The Codex Ephraemi Rescriptus, an early fifth century palimpsest, and the last of the four great uncial manuscripts of the Bible in Greek, was preceded by the Codex Sinaiticus, the Codex Alexandrinus and the Codex Vaticanus. It was named "Rescriptus" because in the 12th century Greek translations of the treatises of Ephraem the Syrian were written over the biblical text that had been washed off its vellum pages, forming a palimpsest. However, the effacement of the biblical text was incomplete, and beneath the text of Ephraem what was once a complete Bible, containing both the Old and New Testaments, could eventually be deciphered.

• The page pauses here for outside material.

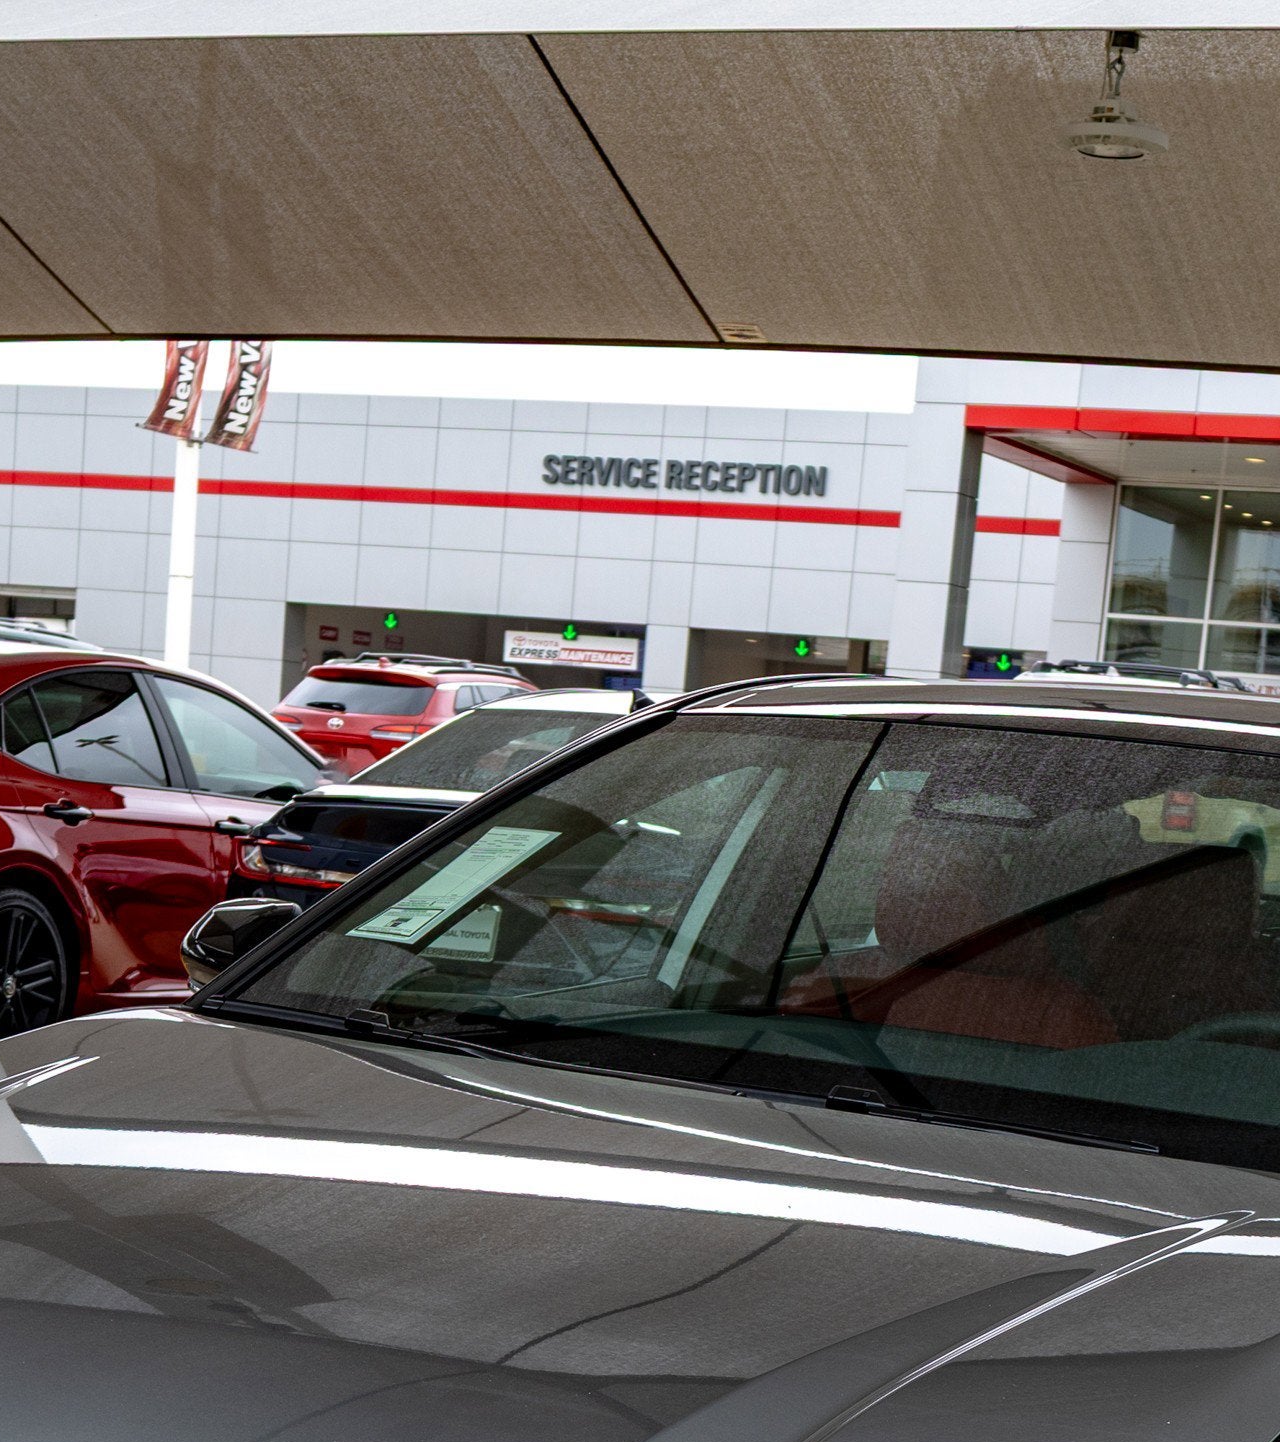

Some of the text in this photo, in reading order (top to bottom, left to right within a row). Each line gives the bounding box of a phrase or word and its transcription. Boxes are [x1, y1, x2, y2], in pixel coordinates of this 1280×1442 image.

The manuscript was probably written and preserved in Constantinople. After the fall of Constantinople in 1453, the Codex was brought to Florence by an émigré scholar, and in 1533 Catherine de' Medici brought it to France as part of her dowry. From the Bourbon royal library it was eventually transferred to the Bibliothèque nationale de France.
The first complete collation of the New Testament text was made by Johann Jakob Wettstein (1716). In 1834-1835 potassium ferricyanide was used to bring out faded or eradicated ink, and Constantin von Tischendorf made his reputation when he deciphered the very difficult to read texts, and published the Greek New Testament in 1843 and the Old Testament in 1845.